2.4 Identification and Quantitation of Proteins
The MS raw data were processed using the Proteome Discoverer platform (version 1.4, Thermo Scientific) and the Sequest HT algorithm. The database contained protein sequences from the Mtb strain ATCC 25618/H37Rv (7,955 entries) and human proteins (20,195 sequence entries; reviewed sequences only; version 2015_06). The search parameters included two missed tryptic cleavages, oxidation (M), protein N-terminal acetylation and deamidation (N, Q) as variable modifications, and carbamidomethylation (C) as a fixed modification. Minimum peptide length was seven amino acids. The MS and MS/MS ion tolerances were set at 10 ppm and 0.02 Da, respectively. The false discovery rate (FDR) was estimated employing the integrated Percolator tool. Only protein hits identified with a 1% FDR threshold were accepted. For protein quantification, the MaxQuant and Andromeda software suite (version 1.4.2.0) was used, accepting most default settings provided in the software tool [37]. Label-free quantification (LFQ) generates relative protein abundance data from integrated MS1 peak areas of the high-resolution MS scans [38]. Only proteins quantified by at least one unique peptide were used for analysis. LFQ values were log (base 2) transformed, and then imputed with respect to missing values. Clustering and correlation analyses were performed using functions embedded in the Perseus (version 1.5.0.15) software. The LC-MS/MS data were deposited in ProteomeXchange via the PRIDE partner repository under the dataset identifier is PXD012412.
2.5 16S rDNA Sequencing
Aliquots of 300 μl of the SDS-denatured sputum lysates were subjected to phenol-chloroform extraction to isolate total DNA. Ethanol-precipitated enriched DNA extracts were subjected to PCR amplification using 515F and 806R forward and reverse primers, respectively, to amplify the V4 region of microbial DNA in the extracts.

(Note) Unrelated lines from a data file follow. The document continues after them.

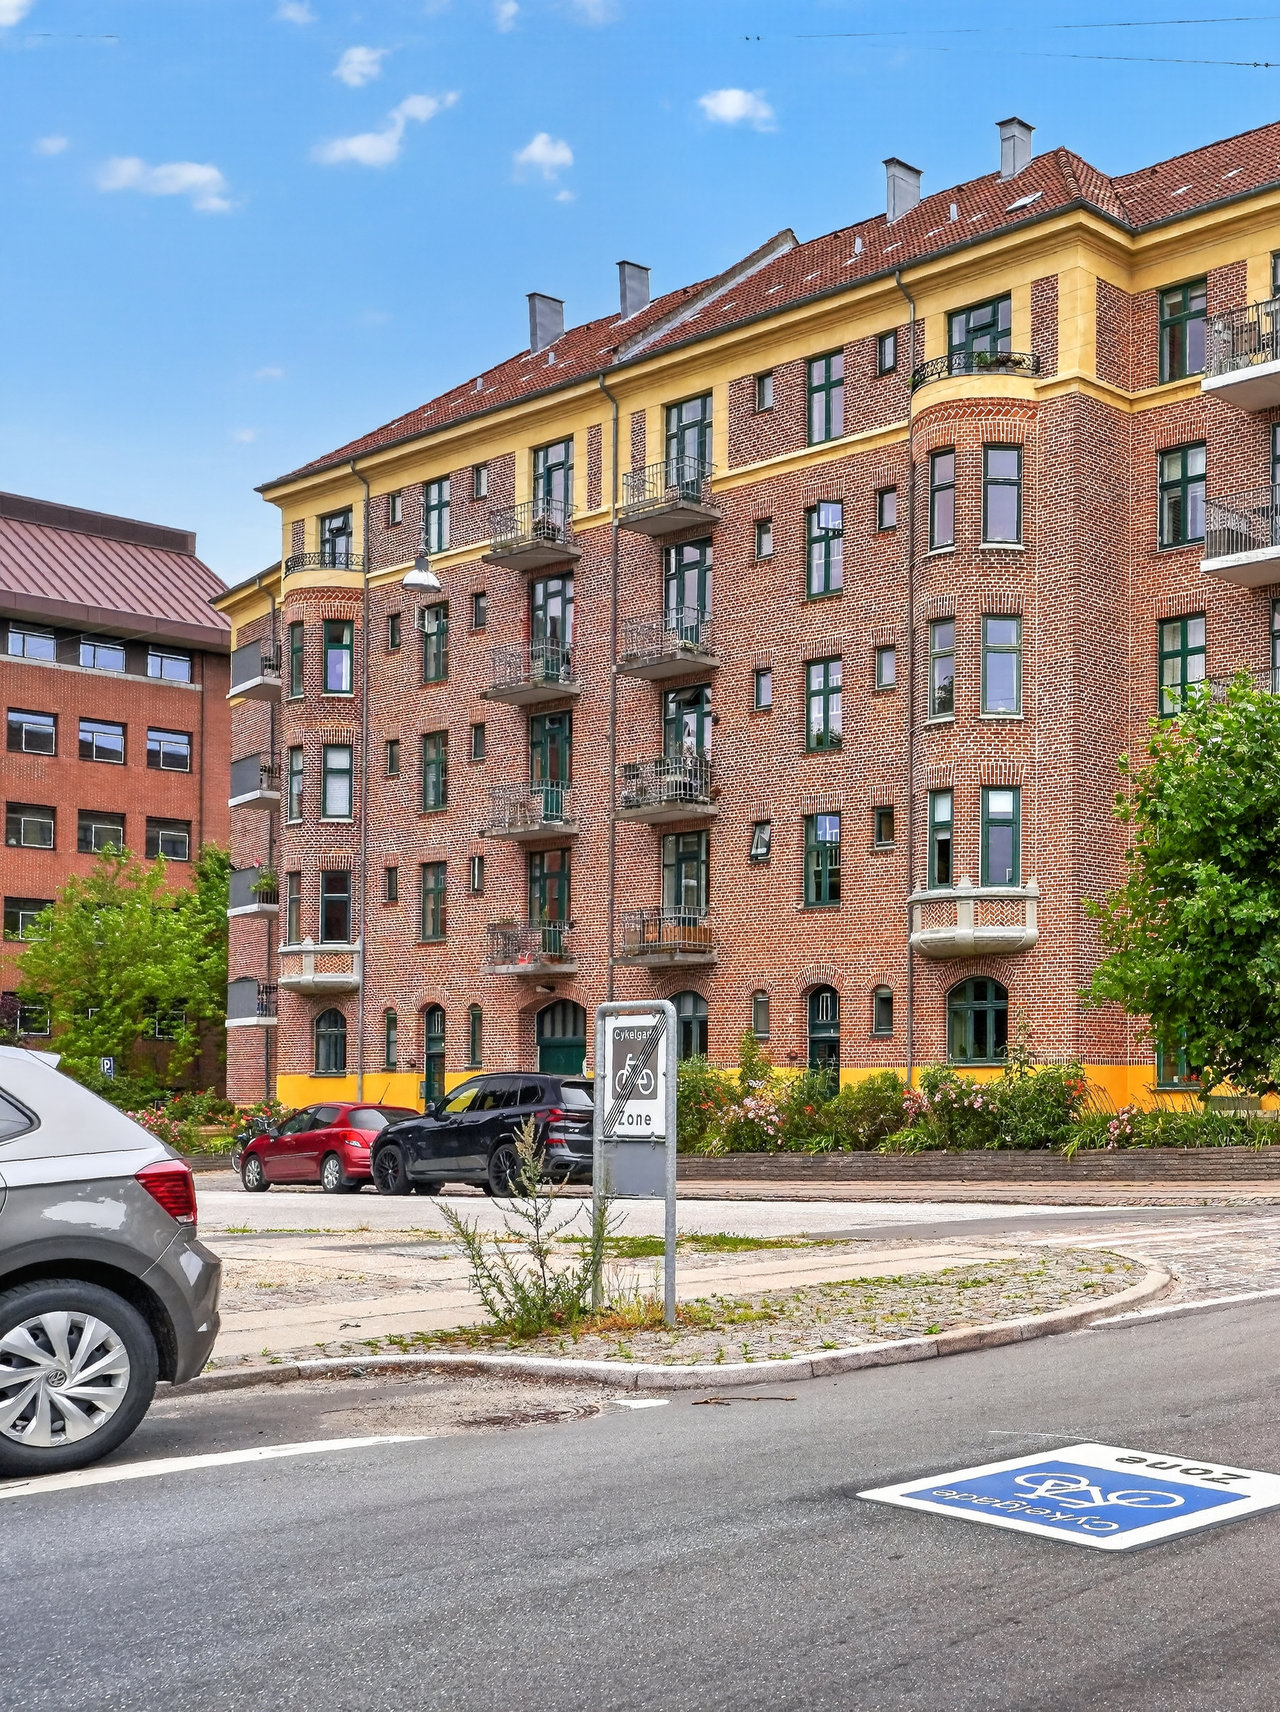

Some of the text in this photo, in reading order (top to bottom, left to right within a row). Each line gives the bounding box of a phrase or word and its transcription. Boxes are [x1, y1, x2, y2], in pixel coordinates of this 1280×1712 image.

[104, 1059, 111, 1073] P
[617, 1110, 652, 1126] Zone
[1115, 1455, 1251, 1485] Zone
[931, 1489, 1120, 1531] Cykelgade
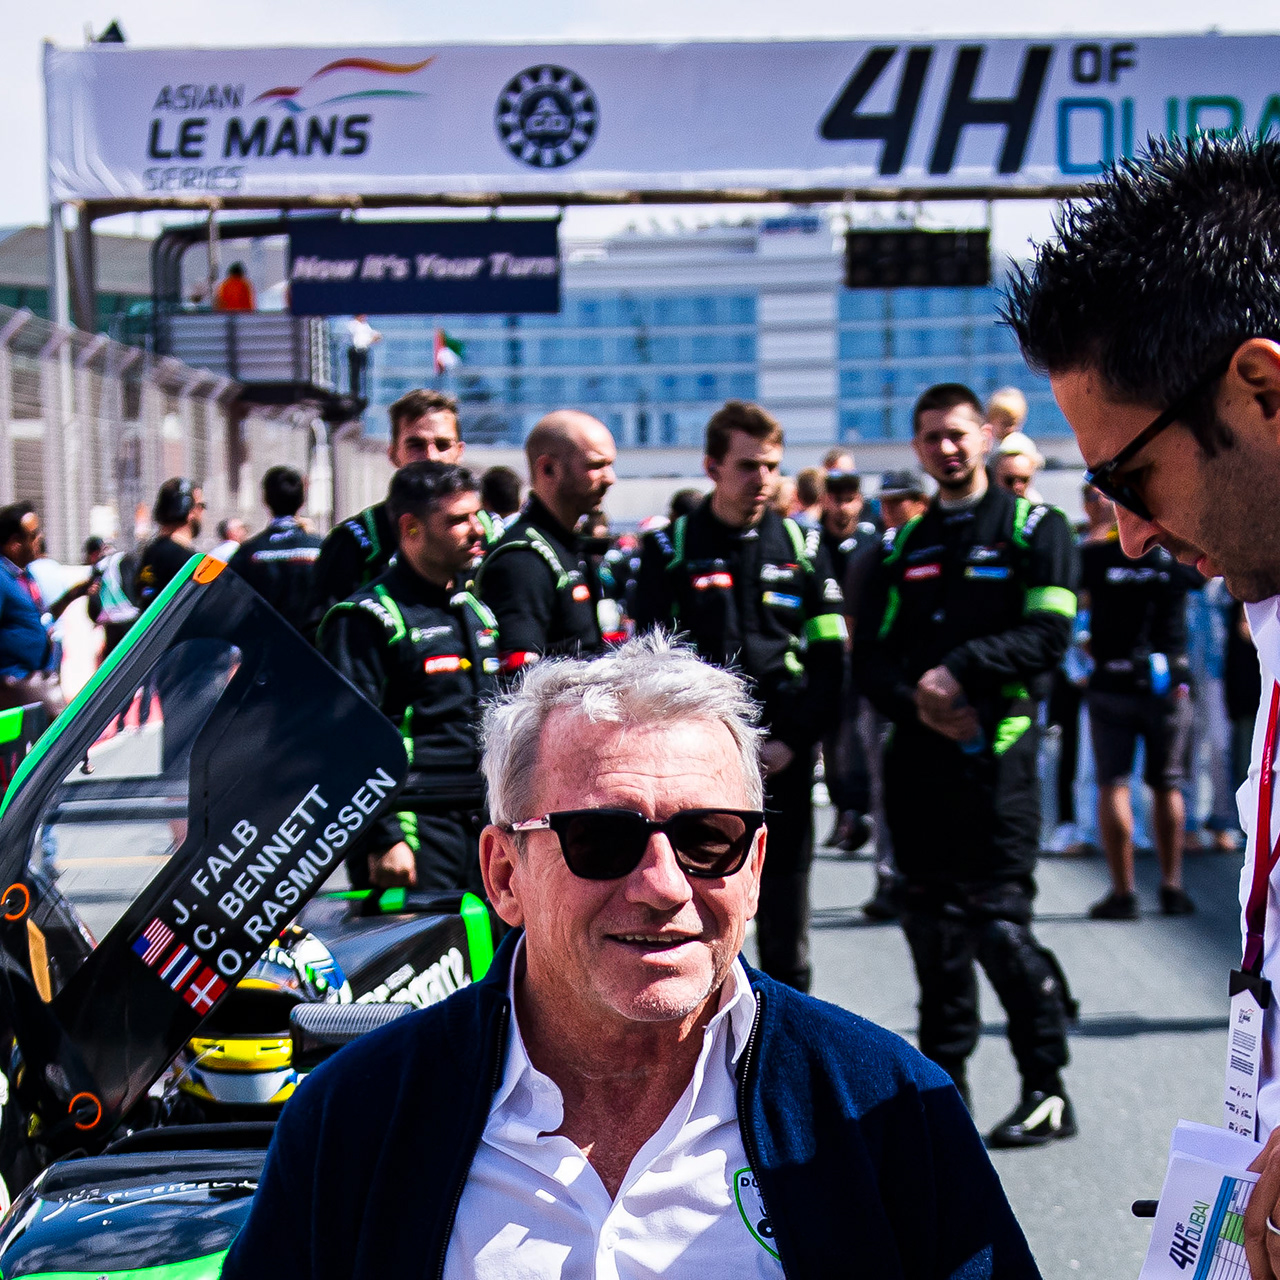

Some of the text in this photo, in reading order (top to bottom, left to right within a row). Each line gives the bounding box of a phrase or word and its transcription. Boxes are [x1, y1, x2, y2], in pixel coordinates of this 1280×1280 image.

[1070, 42, 1137, 84] OF
[152, 83, 244, 112] ASIAN
[817, 44, 1054, 176] 4H
[147, 113, 373, 160] LE MANS
[143, 165, 245, 191] SERIES
[172, 819, 259, 925] J. FALB
[193, 784, 329, 950] C. BENNETT
[217, 767, 397, 976] O. RASMUSSEN
[1175, 1221, 1185, 1233] OF
[1184, 1200, 1211, 1242] DUBAI
[1168, 1231, 1199, 1270] 4H

The PCR amplification method was previously described [39]. A two-step amplification was performed to reduce the risk of non-specific binding when using adapters/sequencing primers of more than 100 base pairs (bp). For 167 individual specimens, sufficient quantities of the V4 sequence region (254 bp) were amplified as visualized by ethidium bromide staining in agarose gels. Samples for DNA library preparation were obtained by excising bands of approximately 300 bp and normalizing the DNA quantity per sample by quantifying with Quanti-iTTM PicoGreen® (Life Technologies, USA). Amplicons were pooled at 100 ng each. A positive control (Escherichia coli DNA extract) was subjected to the same amplification and purification protocol. A standard Illumina sequencing-based library preparation and sequencing protocol (MiSeq Reagent Kit v3, 600 cycles) was used as described [39]. The library dilution had 15% PhiX as an internal control at a 4 pM concentration.

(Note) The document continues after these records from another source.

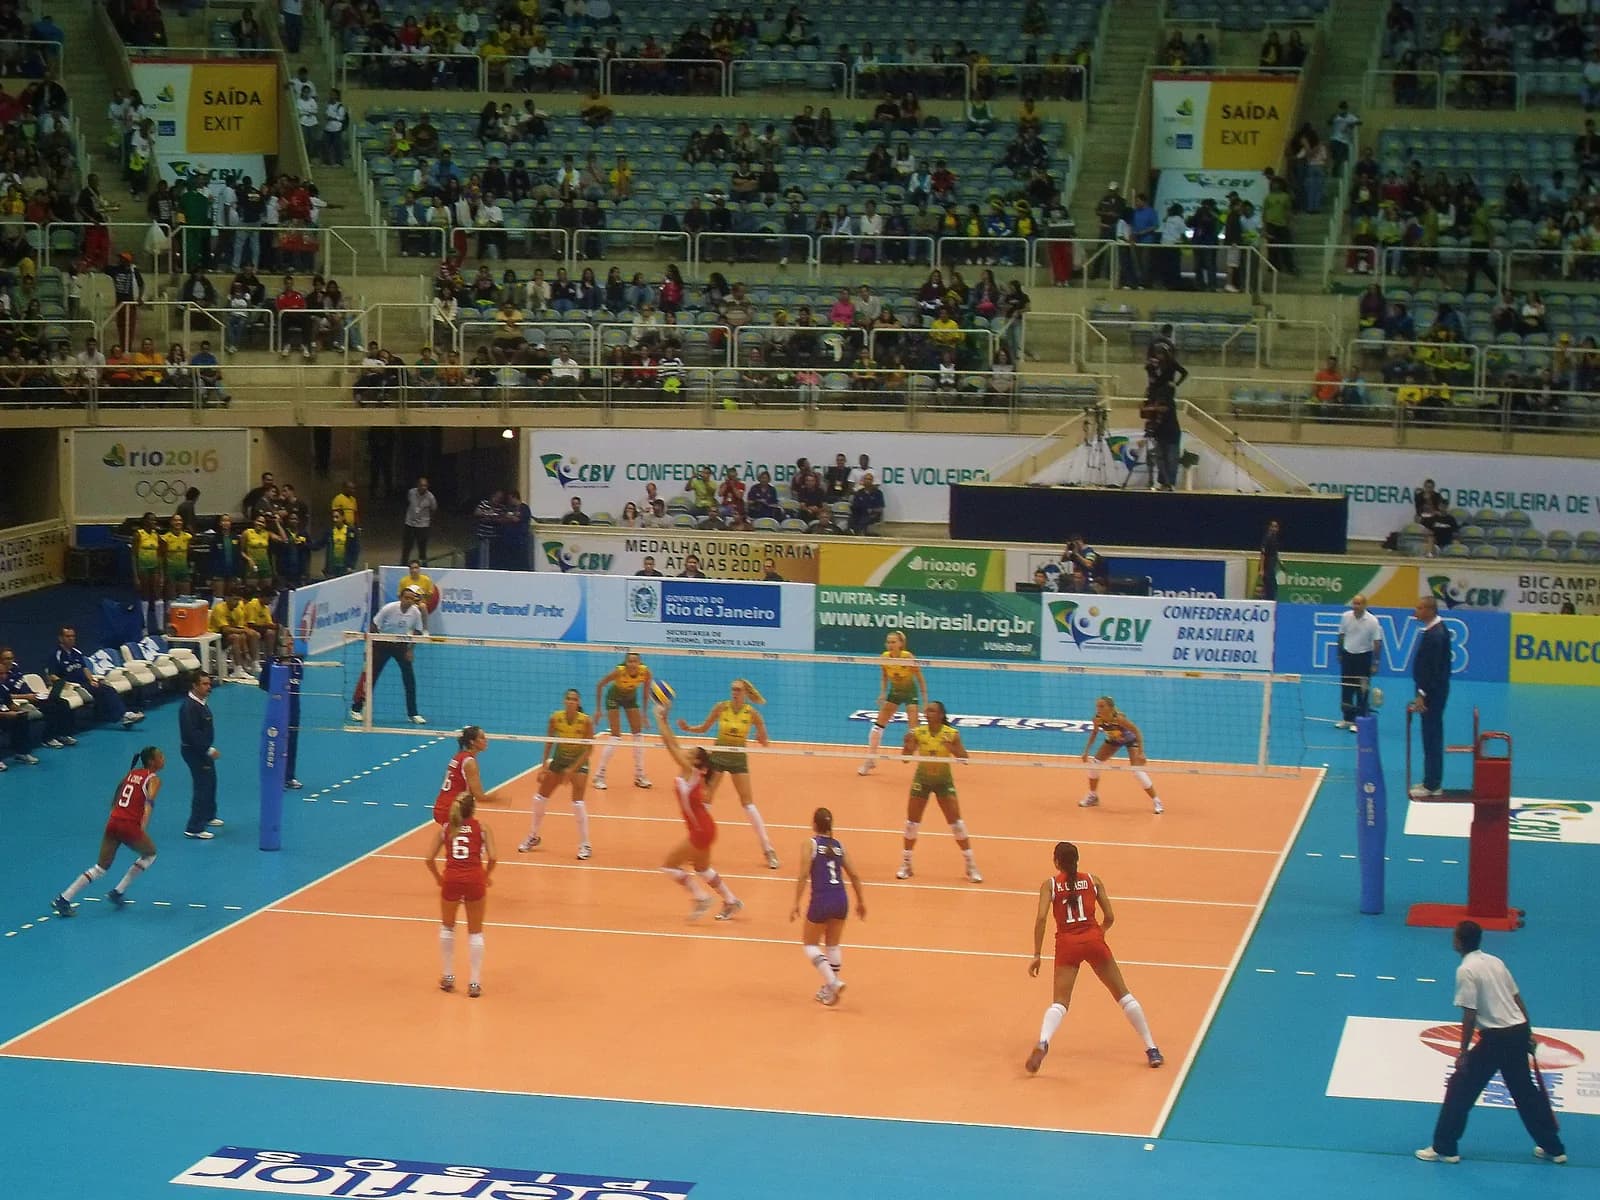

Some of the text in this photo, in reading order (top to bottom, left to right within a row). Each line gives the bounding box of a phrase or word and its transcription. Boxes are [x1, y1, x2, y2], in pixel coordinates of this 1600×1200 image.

[203, 87, 263, 106] SAÍDA
[1221, 100, 1280, 120] SAÍDA
[204, 116, 243, 131] EXIT
[1221, 130, 1260, 145] EXIT
[578, 464, 616, 482] CBV
[625, 461, 770, 483] CONFEDERAÃO
[881, 467, 905, 484] DE
[1456, 488, 1560, 512] BRASILEIRA
[1566, 494, 1590, 514] DE
[625, 539, 701, 556] MEDALHA
[706, 542, 750, 558] OURO
[764, 544, 815, 560] PRAIA
[577, 553, 615, 571] CBV
[665, 556, 763, 574] ATNAS 200
[1518, 575, 1600, 591] BICAMP
[1465, 588, 1507, 608] CBV
[487, 602, 530, 616] Grand
[665, 603, 776, 620] Rio de Janeiro
[1162, 604, 1270, 624] CONFEDERAÇÃO
[819, 611, 1036, 637] www.voleibrasil.org.br
[1100, 617, 1153, 642] CBV
[1177, 626, 1255, 643] BRASILEIRA
[1172, 647, 1259, 664] DE VOLEIBOL
[118, 783, 134, 808] 9
[452, 836, 470, 860] 6
[826, 860, 840, 885] 1
[1062, 894, 1088, 924] 11
[253, 1151, 651, 1190] PISOS

2.6 Processing and Filtering of 16S Sequence Reads
We generated operational taxonomic units (OTUs) de novo from raw Illumina 16S rDNA sequence reads using the UPARSE pipeline (Edgar 2013). Methods for trimming of the adapter sequences, barcodes and primers, the elimination of sequences of low quality, the de-replication step and sequence read abundance determinations were analogous to those applied previously [40]. Chimera filtering of the sequences occurred during the clustering step. We used the Wang classifier, bootstrapping using 100 iterations and mothur to report full taxonomies for only those sequences where 80 or more of the 100 iterations were the same (cutoff=80). The taxonomies were assigned to OTUs using mothur [41] with the version 123 of the SILVA 16S ribosomal RNA database as the reference [42]. From the tables of OTUs with corresponding taxonomy assignments, we removed likely non-informative OTUs (rare OTUs and taxa strongly affected by MiSeq sequencing errors). Unbiased metadata-independent filtering was applied at each taxonomy level by eliminating features that did not pass the selected criteria (< 2000 reads and OTUs present in less than 10 samples), as described previously [40].

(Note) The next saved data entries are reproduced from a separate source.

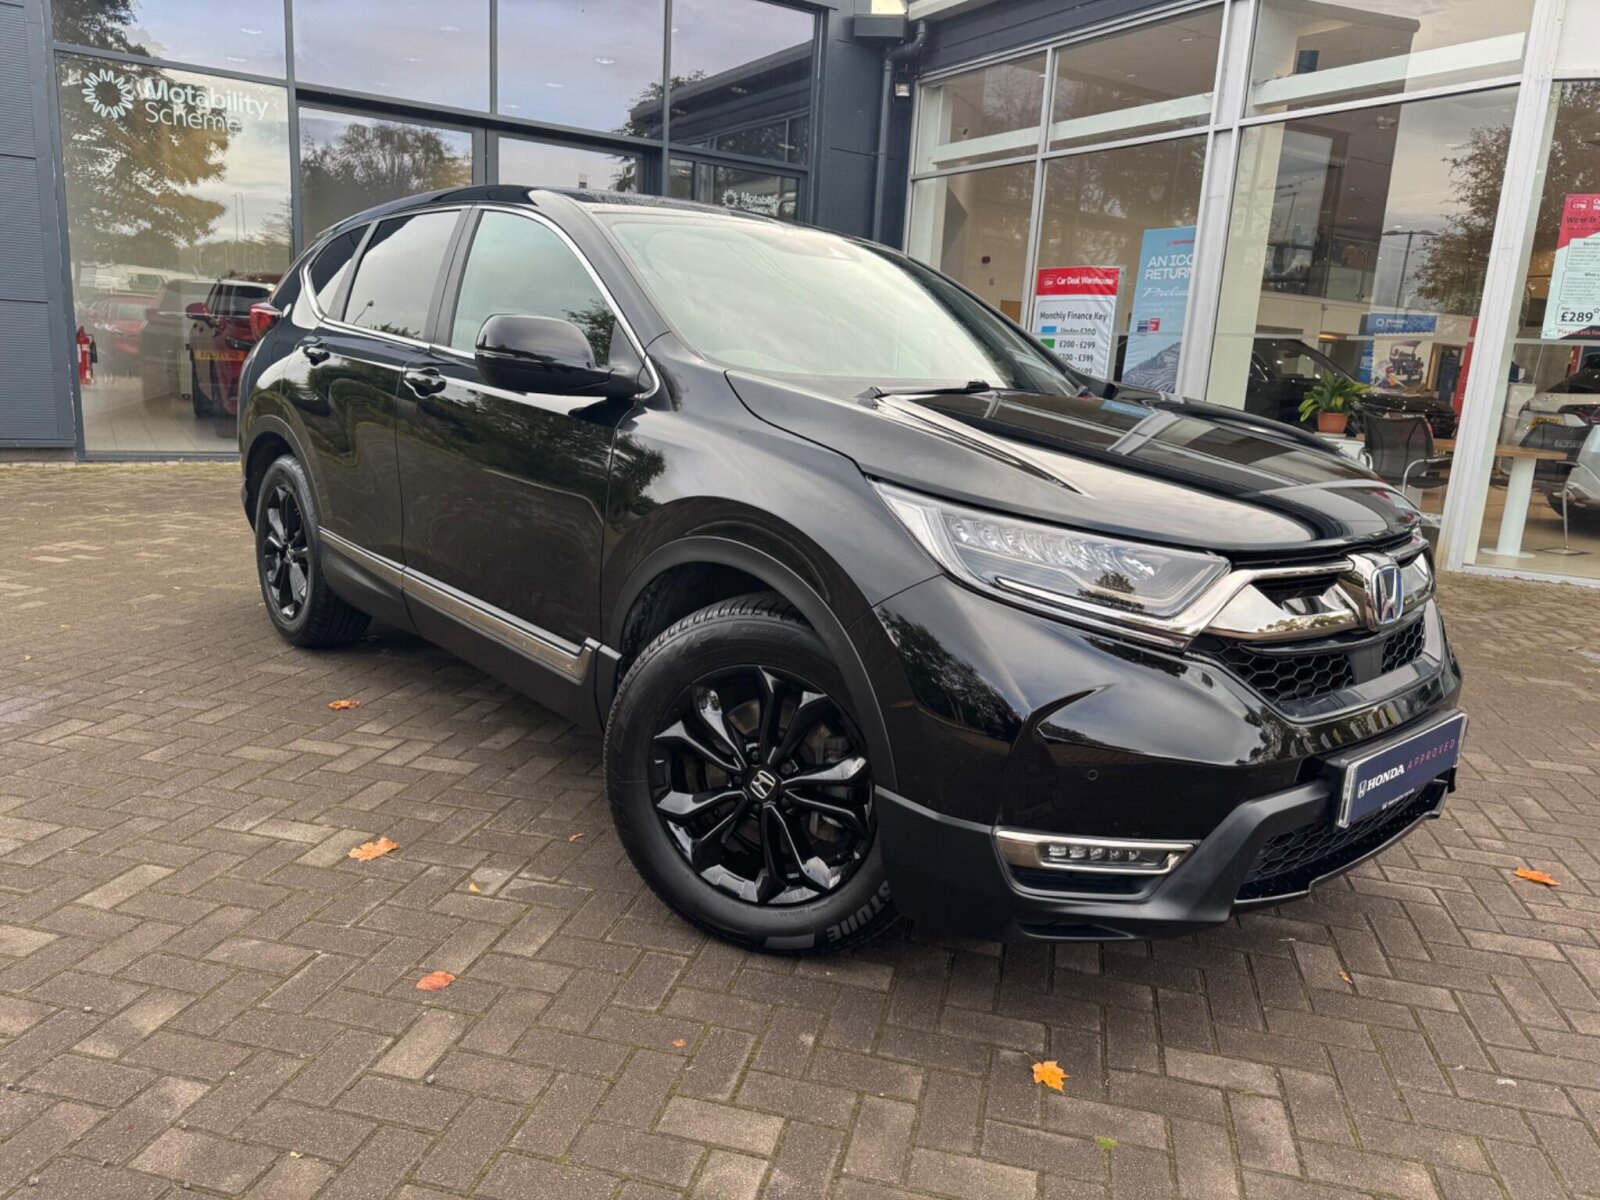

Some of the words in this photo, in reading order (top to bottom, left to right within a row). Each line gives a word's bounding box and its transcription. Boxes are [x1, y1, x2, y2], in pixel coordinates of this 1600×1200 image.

[143, 77, 269, 121] Motability
[145, 101, 241, 133] Scheme
[741, 191, 781, 208] Motability
[1148, 255, 1168, 267] AN
[1040, 311, 1066, 322] Monthly
[1067, 311, 1093, 320] Finance
[1093, 312, 1108, 322] Key
[1560, 311, 1593, 323] £289
[1059, 340, 1075, 348] £200
[1080, 341, 1096, 349] £299
[1366, 764, 1405, 791] HONDA
[1407, 739, 1455, 770] APPROVED

2.7 Identification of Phylogenetic Groups for Gut and Oral Microbiota
The phyloseq package version 1.16.2 in R package version 3.2.3 was used for the microbiome census data analysis [43]. The plot_richness function was used to create a plot of alpha diversity index estimates for each sample. The differences in microbial richness (α-diversity) were evaluated using Wilcoxon t-test. The ordination analysis was performed using the non-metric multi-dimensional scaling (NMDS) with the Bray-Curtis dissimilarity matrix [44]. The data output was used for the generation of a heatmap using the plot_heatmap function including a side bar where clinical variables associated with each sample were assigned to look for specific associations [43].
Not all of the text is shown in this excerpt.